Iago Bento

Personal information
- Full name: Iago Bento Fernandes
- Date of birth: 15 January 1999 (age 27)
- Place of birth: Macaé, Brazil
- Height: 1.70 m (5 ft 7 in)
- Position: Winger

Team information
- Current team: Boeung Ket
- Number: 7

Youth career
- 2013–2018: Atlético Mineiro
- 2018–2021: Coritiba

Senior career*
- Years: Team / Apps / (Gls)
- 2021–2023: Angkor Tiger / 19 / (7)
- 2023–2024: Preah Khan Reach Svay Rieng / 24 / (3)
- 2024–: Boeung Ket / 55 / (9)

International career^{‡}
- 2026–: Cambodia / 3 / (1)

= Iago Bento =

Cambodian footballer (born 1999)

Iago Bento Fernandes (born 15 January 1999), simply known as Iago, is a professional footballer who plays as a winger for Cambodian Premier League club Boeung Ket. Born in Brazil, he represents Cambodia at international level.

==Youth==
At youth level, Bento was a left-back and joined Atlético Mineiro youth in 2013. In 2016, he won the Campeonato Mineiro Under-17, and in 2017 he won the Torneio de Terborg.

==Career==
Bento started his professional career in 2021 with Cambodian Premier League club Angkor Tiger after leaving Coritiba youth in Brazil.
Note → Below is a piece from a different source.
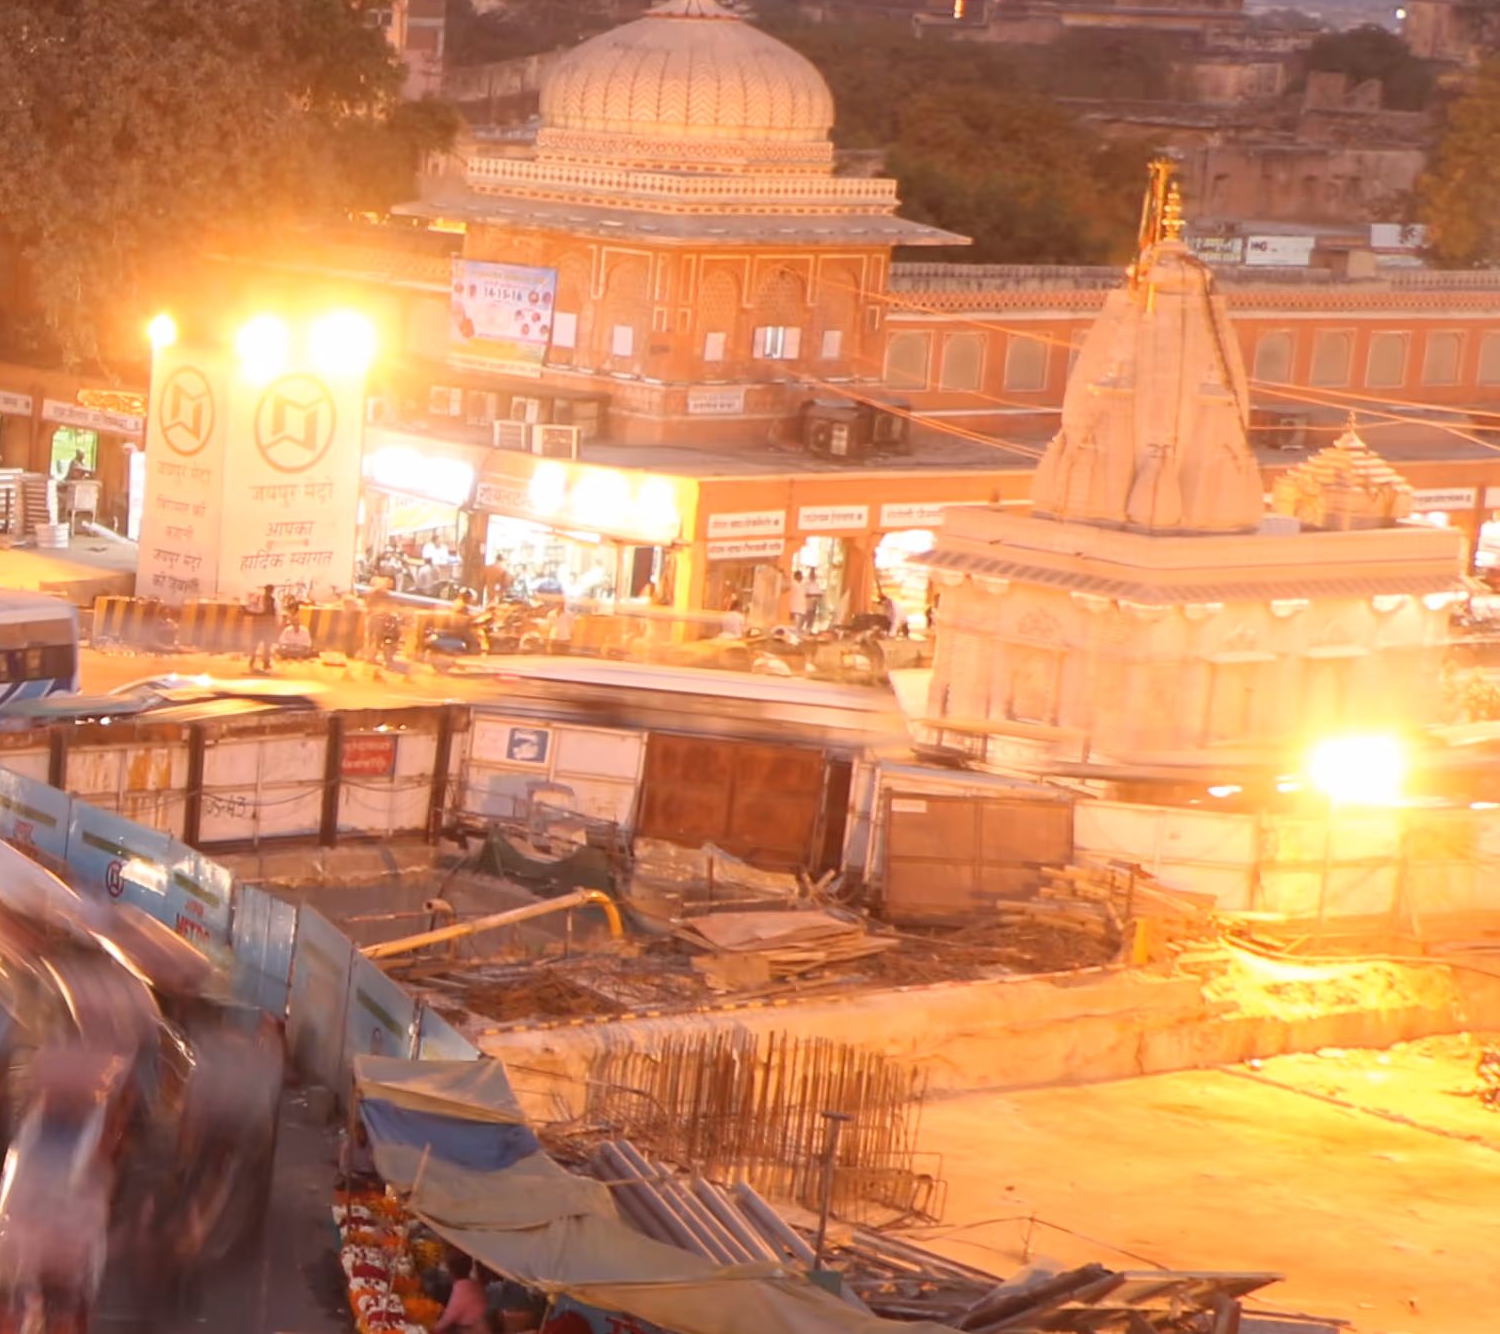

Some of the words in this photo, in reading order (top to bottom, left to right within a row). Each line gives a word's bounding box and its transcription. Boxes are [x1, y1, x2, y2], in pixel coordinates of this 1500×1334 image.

[265, 520, 316, 538] आपका
[240, 548, 286, 573] हार्दिक
[290, 551, 334, 567] स्वागत
Bento joined Svay Rieng in 2023, where he won double trophies with the club both local league and domestic up during 2023–24 season.3 He left the club at the end of the 2023–24 season.

==International career==
Bento was called up to the Cambodia national team for the 2026 ASEAN Championship in July 2026. He scored his first international goal on 7 August against Vietnam at the Mỹ Đình National Stadium.

==Career statistics==
===International===

Appearances and goals by national team and year
| National team | Year | Apps | Goals |
|---|---|---|---|
| Cambodia | 2026 | 3 | 1 |
| Total |  | 3 | 1 |

Scores and results list Cambodia's goal tally first, score column indicates score after each Bento goal.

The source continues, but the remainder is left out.